Give the data again exactly as it is written.

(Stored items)
________________

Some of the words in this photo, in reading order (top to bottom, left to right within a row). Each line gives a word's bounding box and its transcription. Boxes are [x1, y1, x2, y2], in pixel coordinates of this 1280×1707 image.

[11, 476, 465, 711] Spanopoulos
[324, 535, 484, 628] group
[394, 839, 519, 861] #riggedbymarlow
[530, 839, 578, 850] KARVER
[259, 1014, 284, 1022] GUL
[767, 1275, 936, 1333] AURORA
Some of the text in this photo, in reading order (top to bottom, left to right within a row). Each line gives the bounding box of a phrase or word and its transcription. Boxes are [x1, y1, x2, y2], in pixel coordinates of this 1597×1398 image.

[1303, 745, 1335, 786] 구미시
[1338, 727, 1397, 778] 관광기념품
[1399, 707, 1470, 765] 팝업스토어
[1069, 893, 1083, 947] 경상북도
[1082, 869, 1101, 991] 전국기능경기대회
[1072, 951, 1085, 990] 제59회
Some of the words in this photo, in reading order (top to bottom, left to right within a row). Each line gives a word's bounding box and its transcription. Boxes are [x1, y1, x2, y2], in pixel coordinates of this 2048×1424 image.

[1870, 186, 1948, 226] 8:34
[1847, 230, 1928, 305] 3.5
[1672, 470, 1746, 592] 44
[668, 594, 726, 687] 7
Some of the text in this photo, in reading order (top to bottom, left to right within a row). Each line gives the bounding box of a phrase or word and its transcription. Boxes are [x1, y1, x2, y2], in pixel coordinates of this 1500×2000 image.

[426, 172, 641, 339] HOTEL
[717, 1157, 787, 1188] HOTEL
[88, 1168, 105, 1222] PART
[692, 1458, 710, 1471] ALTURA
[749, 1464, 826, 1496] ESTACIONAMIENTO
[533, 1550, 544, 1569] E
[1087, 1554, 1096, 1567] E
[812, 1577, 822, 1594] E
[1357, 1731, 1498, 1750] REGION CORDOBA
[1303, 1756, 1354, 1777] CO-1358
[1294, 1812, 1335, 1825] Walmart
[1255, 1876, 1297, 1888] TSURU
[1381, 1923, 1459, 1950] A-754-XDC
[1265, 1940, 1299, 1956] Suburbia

________________

## ANSWER FOR THE TASK
Some of the words in this photo, in reading order (top to bottom, left to right within a row). Each line gives a word's bounding box and its transcription. Boxes are [x1, y1, x2, y2], in pixel coordinates of this 1280×1707 image.

[11, 476, 465, 711] Spanopoulos
[324, 535, 484, 628] group
[394, 839, 519, 861] #riggedbymarlow
[530, 839, 578, 850] KARVER
[259, 1014, 284, 1022] GUL
[767, 1275, 936, 1333] AURORA
Some of the text in this photo, in reading order (top to bottom, left to right within a row). Each line gives the bounding box of a phrase or word and its transcription. Boxes are [x1, y1, x2, y2], in pixel coordinates of this 1597×1398 image.

[1303, 745, 1335, 786] 구미시
[1338, 727, 1397, 778] 관광기념품
[1399, 707, 1470, 765] 팝업스토어
[1069, 893, 1083, 947] 경상북도
[1082, 869, 1101, 991] 전국기능경기대회
[1072, 951, 1085, 990] 제59회
Some of the words in this photo, in reading order (top to bottom, left to right within a row). Each line gives a word's bounding box and its transcription. Boxes are [x1, y1, x2, y2], in pixel coordinates of this 2048×1424 image.

[1870, 186, 1948, 226] 8:34
[1847, 230, 1928, 305] 3.5
[1672, 470, 1746, 592] 44
[668, 594, 726, 687] 7
Some of the text in this photo, in reading order (top to bottom, left to right within a row). Each line gives the bounding box of a phrase or word and its transcription. Boxes are [x1, y1, x2, y2], in pixel coordinates of this 1500×2000 image.

[426, 172, 641, 339] HOTEL
[717, 1157, 787, 1188] HOTEL
[88, 1168, 105, 1222] PART
[692, 1458, 710, 1471] ALTURA
[749, 1464, 826, 1496] ESTACIONAMIENTO
[533, 1550, 544, 1569] E
[1087, 1554, 1096, 1567] E
[812, 1577, 822, 1594] E
[1357, 1731, 1498, 1750] REGION CORDOBA
[1303, 1756, 1354, 1777] CO-1358
[1294, 1812, 1335, 1825] Walmart
[1255, 1876, 1297, 1888] TSURU
[1381, 1923, 1459, 1950] A-754-XDC
[1265, 1940, 1299, 1956] Suburbia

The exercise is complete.